Thursday, October 22, 2009
Prelude to Republican fratricide

David Frum

David Frum

At the beginning of the summer, most observers expected Republicans to win all three of the big elections on Nov. 3. Two weeks out, it suddenly looks very possible that Republicans will win only one: the Virginia governor's race. The other two will be lost—not to superior Democratic organizing and messaging, but to the GOP's own divisions.

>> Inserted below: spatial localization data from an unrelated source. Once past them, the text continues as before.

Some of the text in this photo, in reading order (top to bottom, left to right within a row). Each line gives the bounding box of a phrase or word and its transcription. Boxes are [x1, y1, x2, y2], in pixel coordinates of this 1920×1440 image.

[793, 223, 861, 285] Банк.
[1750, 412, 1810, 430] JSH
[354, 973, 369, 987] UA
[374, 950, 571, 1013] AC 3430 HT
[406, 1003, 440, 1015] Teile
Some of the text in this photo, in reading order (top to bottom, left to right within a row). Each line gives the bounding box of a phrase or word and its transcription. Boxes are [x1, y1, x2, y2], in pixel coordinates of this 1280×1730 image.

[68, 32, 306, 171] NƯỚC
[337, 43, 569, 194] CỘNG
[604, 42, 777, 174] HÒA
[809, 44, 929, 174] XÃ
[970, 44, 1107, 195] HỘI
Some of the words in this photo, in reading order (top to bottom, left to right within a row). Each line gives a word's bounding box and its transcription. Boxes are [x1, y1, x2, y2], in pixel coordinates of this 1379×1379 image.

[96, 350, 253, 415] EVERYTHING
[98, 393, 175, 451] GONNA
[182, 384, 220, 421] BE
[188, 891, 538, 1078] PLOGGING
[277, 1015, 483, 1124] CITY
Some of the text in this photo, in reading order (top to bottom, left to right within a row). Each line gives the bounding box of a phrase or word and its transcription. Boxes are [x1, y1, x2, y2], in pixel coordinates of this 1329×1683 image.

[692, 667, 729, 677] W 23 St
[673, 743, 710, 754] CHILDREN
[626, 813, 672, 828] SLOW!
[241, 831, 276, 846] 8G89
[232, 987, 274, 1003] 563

By all rights, the special election in New York's 23rd Congressional District should be a Republican cakewalk. Stretching across the hunting and fishing towns along the Great Lakes and Canadian border, the district contains Fort Drum, base of the 10th Mountain division, and re-elected its Republican congressman in the disaster years of 2006 and 2008 by margins of 60-plus percent.
 
Yet polls show the Republican candidate in serious trouble. State Republican Party leaders prevented an open primary race and instead engineered the nomination of one of their own, moderate, pro-choice Assemblywoman Deirdre Scozzafava.
 
Angry conservatives in the 23rd rebelled, rallying to the third-party candidacy of local accountant Doug Hoffman. Hoffman and Scozzafava are splitting the Republican vote between them, allowing Democrat Bill Owen to emerge as the front-runner.
 
Conservative radio host Hugh Hewitt this week offered a stern condemnation of this fratricide on his popular program, calling the third-party candidate:
 
.... a wrecker, a selfish "look at me" poser .... It takes an outsized ego to look at poll after poll that puts you behind not one but two candidates by more than 10 points and still declare yourself in the hunt.
 
Whoops! Sorry, rewind. Fzzzzwwwwvvvvwwwzzzp. That was an editing error. Hugh Hewitt was not blasting Doug Hoffman, the third-party candidate in New York. In fact, Hoffman is the darling of talk radio and Fox News, which have helped to spread Hoffman Fever for the past few weeks.
 
No, Hewitt was attacking the third-party candidate in New Jersey's gubernatorial race, an independent named Chris Daggett who has drawn votes from the official Republican standard-bearer, Chris Christie.
 
From the point of view of most Republican commenters online and on the air, party loyalty is a highly variable principle. As they see it, third-party races by liberal Republicans who want to combine environmental protection with fiscal responsibility are selfish indulgences. But third-party races by conservative Republicans who want to combine pro-life appeals with their economic message? Those are completely different. Those are heroic acts of principle.
 
I've written elsewhere about the fascinating parallels and contrasts between the New Jersey and New York races. 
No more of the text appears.